Perhaps she could find a way to avoid him completely, but that didn’t seem feasible with only four people in the house and more work to do than could be completed in a month of twenty-four-hour days.

Awaking from a restless doze when the sunrise filtered into her room, she rose to wash and dress for another day of scrubbing.

Her hands ached from the days of hard work, and the harsh soap that seeped through the thin gloves, leaving her skin red and raw.

She had badly burned her right hand in the incident that resulted in her fleeing Ireland, and two months later, the new skin on her palm was still pink and tender.

She worried all the time about contracting an infection where the burn had been, which is why she wore the gloves while working.

In addition, her back ached and she had an odd crick in her neck, probably from hours of looking up at the chandeliers the day before.

She hadn’t seen Mr. Nelson since she left him at the shore yesterday and hoped she could get through this day without having to encounter him.

A soft knock on her door had her hoping it wasn’t him, coming to tempt her some more with that face and those eyes and the lips that made her want things she had no right to. Not anymore.

She opened the door to Mr. Plumber.

“Pardon the interruption, Ms. Brown, but there are men at the kitchen door, claiming to have been hired by Mr. Nelson to assist in preparing the house for the Season.”

“Ah, yes. I’ll be right down.”

“I, um, would be remiss if I did not inform you that they seem rather . . . rough.”

“I’m sure they are, Mr. Plumber, but in these desperate circumstances, I’m afraid we can’t afford to be fussy about whom we hire.”

“As you wish, ma’am.” He nodded and departed, but his concerns stayed with her as she headed downstairs to see what the cat had dragged in.

Aubrey woke with a sore head, a dry mouth and a stiff neck.

The copious amounts of whiskey he’d consumed the night before had gotten him through the difficult day and torturous night full of memories of a young woman who’d been lost far too soon.

Per his tradition, he allowed himself to wallow in the grief on one of the two dates that arrived four days apart every year with maddening regularity.
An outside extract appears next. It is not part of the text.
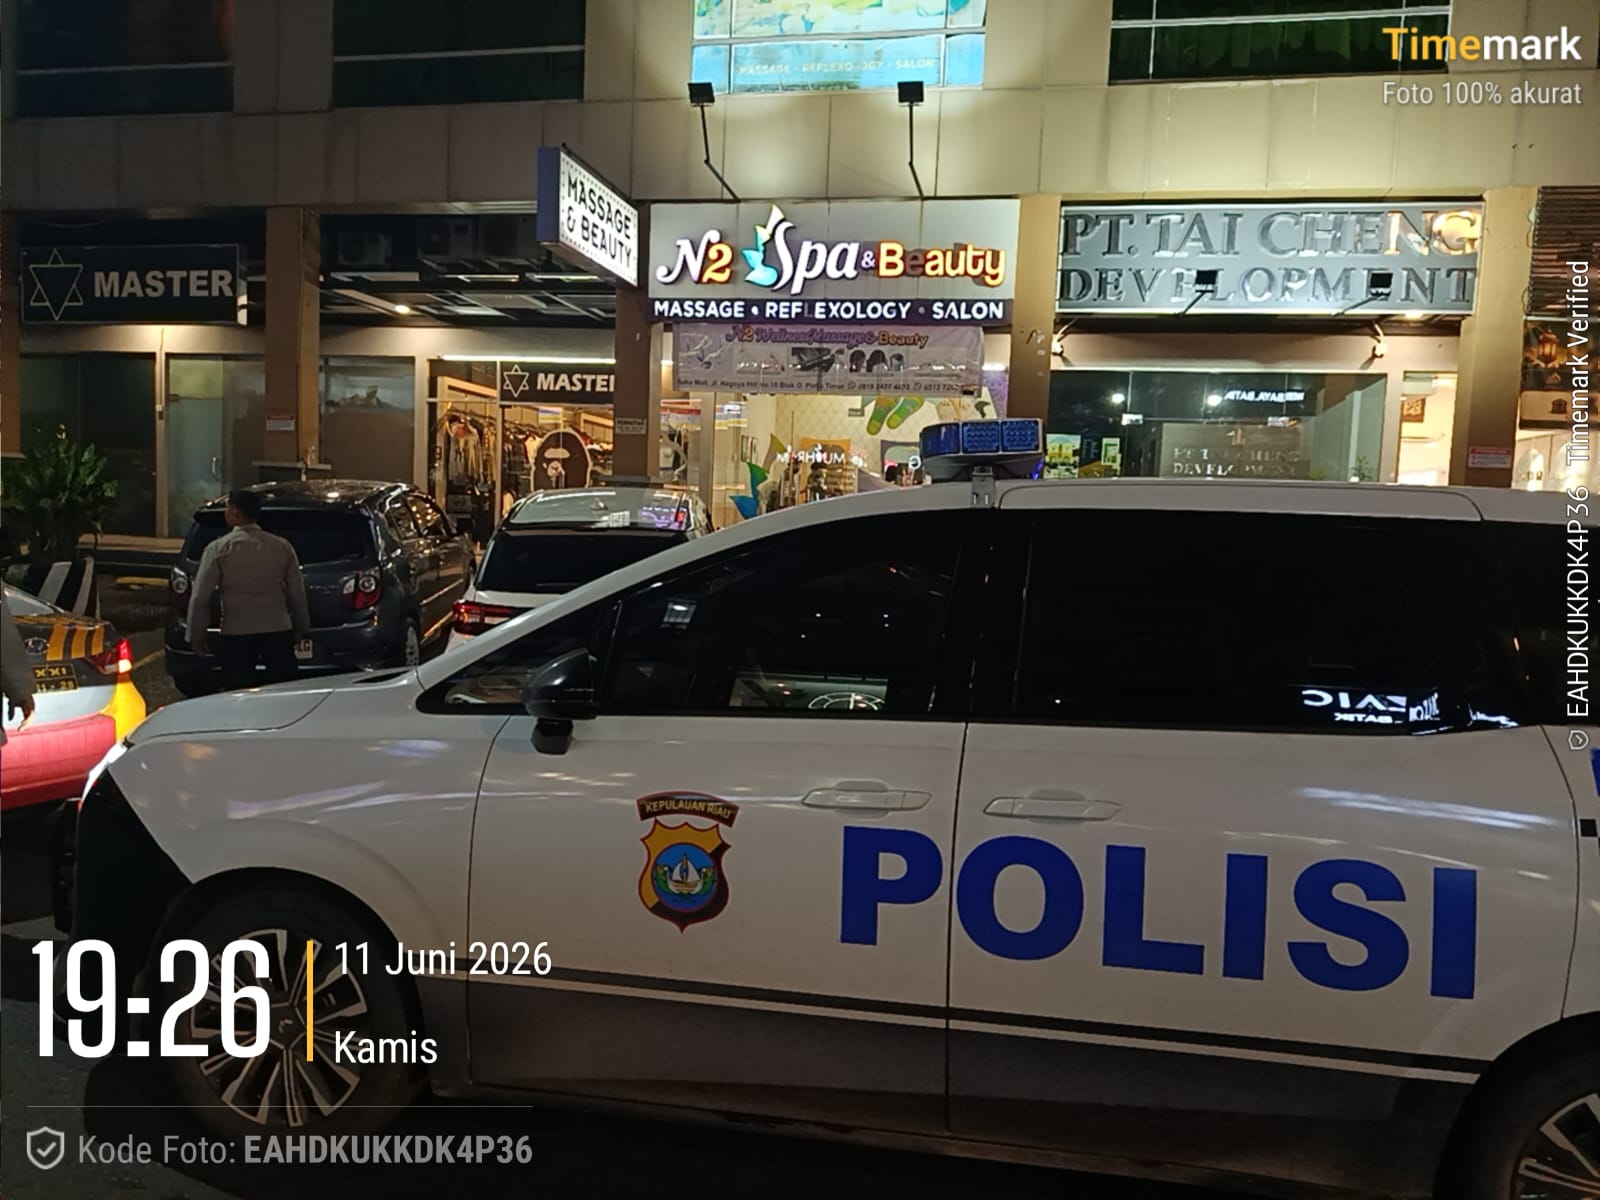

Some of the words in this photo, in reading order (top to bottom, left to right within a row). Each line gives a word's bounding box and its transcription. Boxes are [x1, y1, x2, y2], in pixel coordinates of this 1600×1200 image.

He couldn’t bear to mourn the day she died, so he instead descended into the pits of despair on what should have been their wedding day.
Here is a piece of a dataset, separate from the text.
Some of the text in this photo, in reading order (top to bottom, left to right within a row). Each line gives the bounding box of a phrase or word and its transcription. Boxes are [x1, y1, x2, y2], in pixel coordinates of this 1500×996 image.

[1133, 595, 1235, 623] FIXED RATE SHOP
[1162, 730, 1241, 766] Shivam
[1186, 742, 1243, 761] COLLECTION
After all this time, his memories of Annabelle had grown fuzzy.

Sometimes, he couldn’t remember the sound of her voice or recall specifics about her.

It all ran together in a stream of disconnected thoughts that showed up to torture him this time every year.

He’d grown accustomed to it by now, but knowing it was coming didn’t make enduring it any easier.

He felt like death itself as he dragged himself out of the chair he’d slept in, picked up the empty bottle from the floor and placed it on a sideboard before pouring himself a glass of water that he downed in greedy gulps.

Where would they be now, he wondered, if Annabelle had lived?

Would they have remained in New York to raise their family or perhaps headed west in search of new adventures?

She had been an adventurous sort who’d craved travel and experiences and new people.

They would’ve had a jolly good time, for sure.

But in the last few days, something else had nagged at him, something dark and disturbing and altogether disrespectful of Annabelle’s memory.

It had started the first moment he caught sight of Miss Brown’s delightful neck and had continued unabated every time he’d been in her presence—desire.

Hot, desperate desire, the likes of which he had never once felt for his beloved Annabelle.

Shame had his stomach turning with disgust at the direction his thoughts had taken.

How could he admit such a thing to anyone, even himself?

In the desperate hours, days, weeks, months and now years since Annabelle’s sudden and tragic death, he’d vowed to protect her memory and to love her always.

How was he to do that if he was forced to admit that what he’d felt for Annabelle paled in comparison to the fiery passion the lovely housekeeper had inspired in him over the course of two short days?